_INSTRUCTIONS TO FOLLOW_. Transcribe the data as written, minus images.

START MATERIAL SUPPLIED

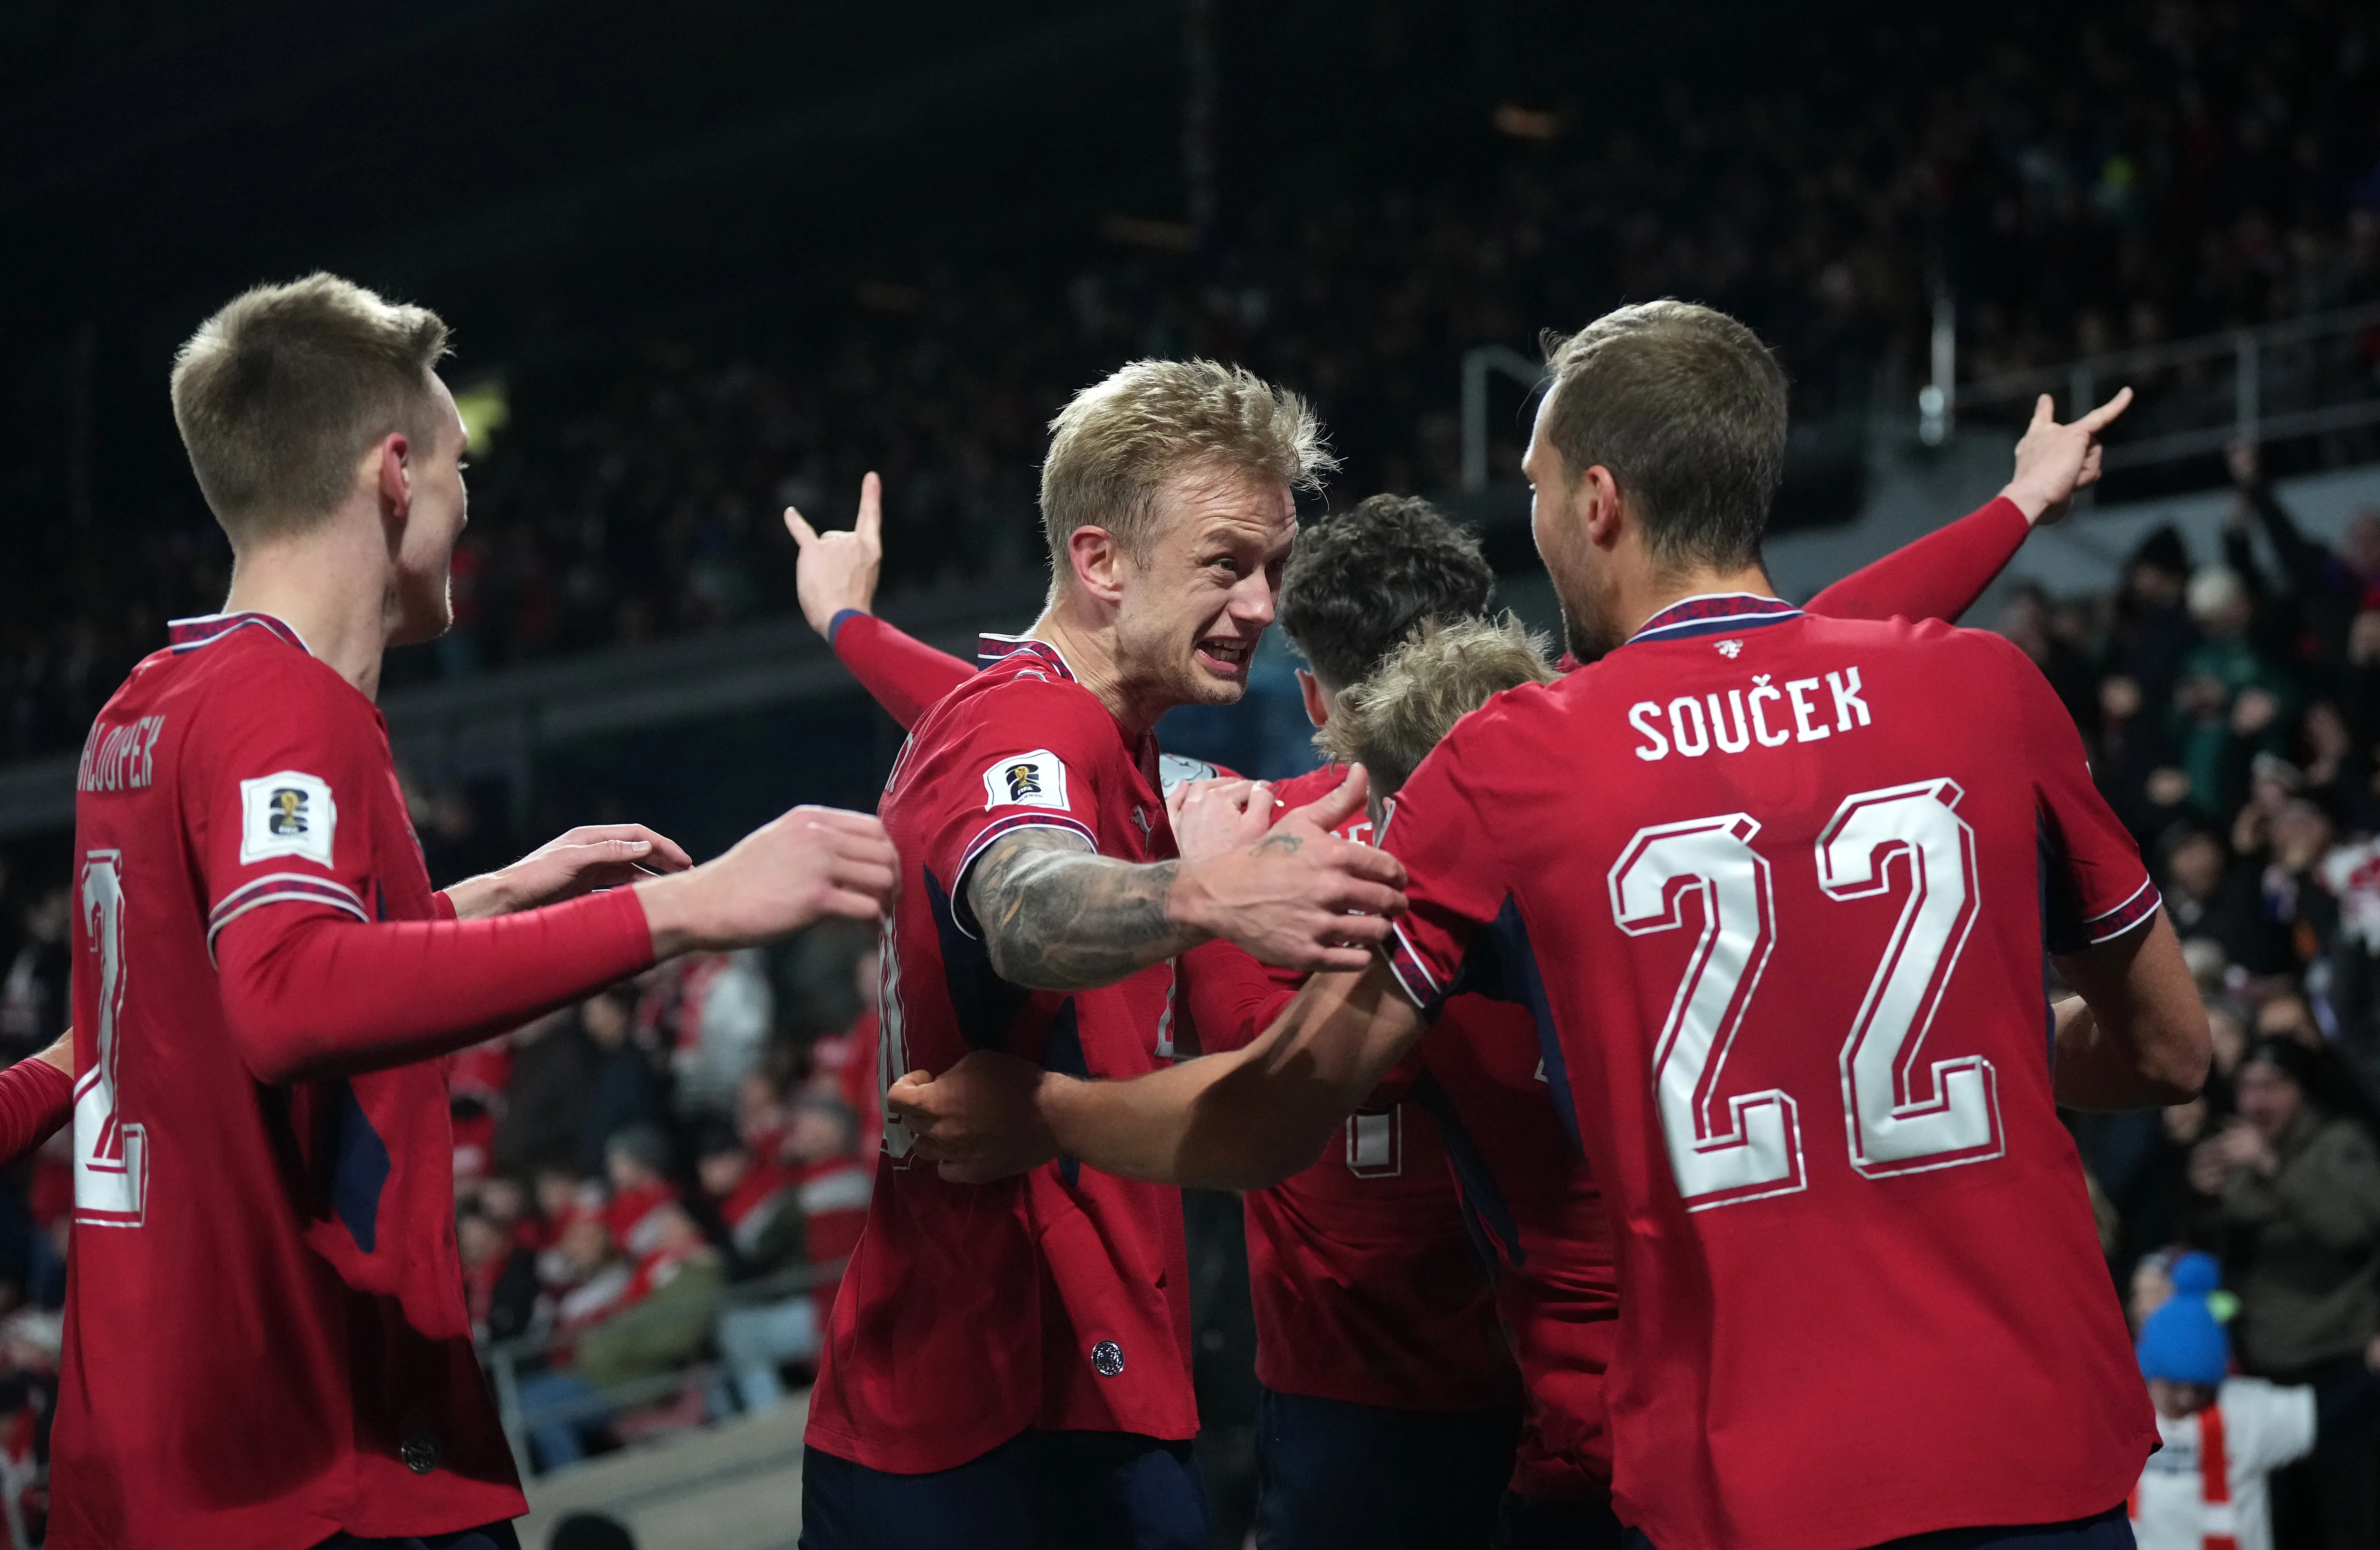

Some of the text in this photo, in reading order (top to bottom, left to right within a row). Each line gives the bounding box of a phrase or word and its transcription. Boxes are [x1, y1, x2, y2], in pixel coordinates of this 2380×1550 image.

[1628, 666, 1872, 762] SOUČEK
[1014, 793, 1043, 805] UALIFIERS
[1017, 785, 1034, 796] FIFA
[73, 848, 148, 1227] 2
[1607, 776, 2005, 1213] 22

END MATERIAL SUPPLIED

_RESPONSE_.
Some of the text in this photo, in reading order (top to bottom, left to right within a row). Each line gives the bounding box of a phrase or word and its transcription. Boxes are [x1, y1, x2, y2], in pixel coordinates of this 2380×1550 image.

[1628, 666, 1872, 762] SOUČEK
[1014, 793, 1043, 805] UALIFIERS
[1017, 785, 1034, 796] FIFA
[73, 848, 148, 1227] 2
[1607, 776, 2005, 1213] 22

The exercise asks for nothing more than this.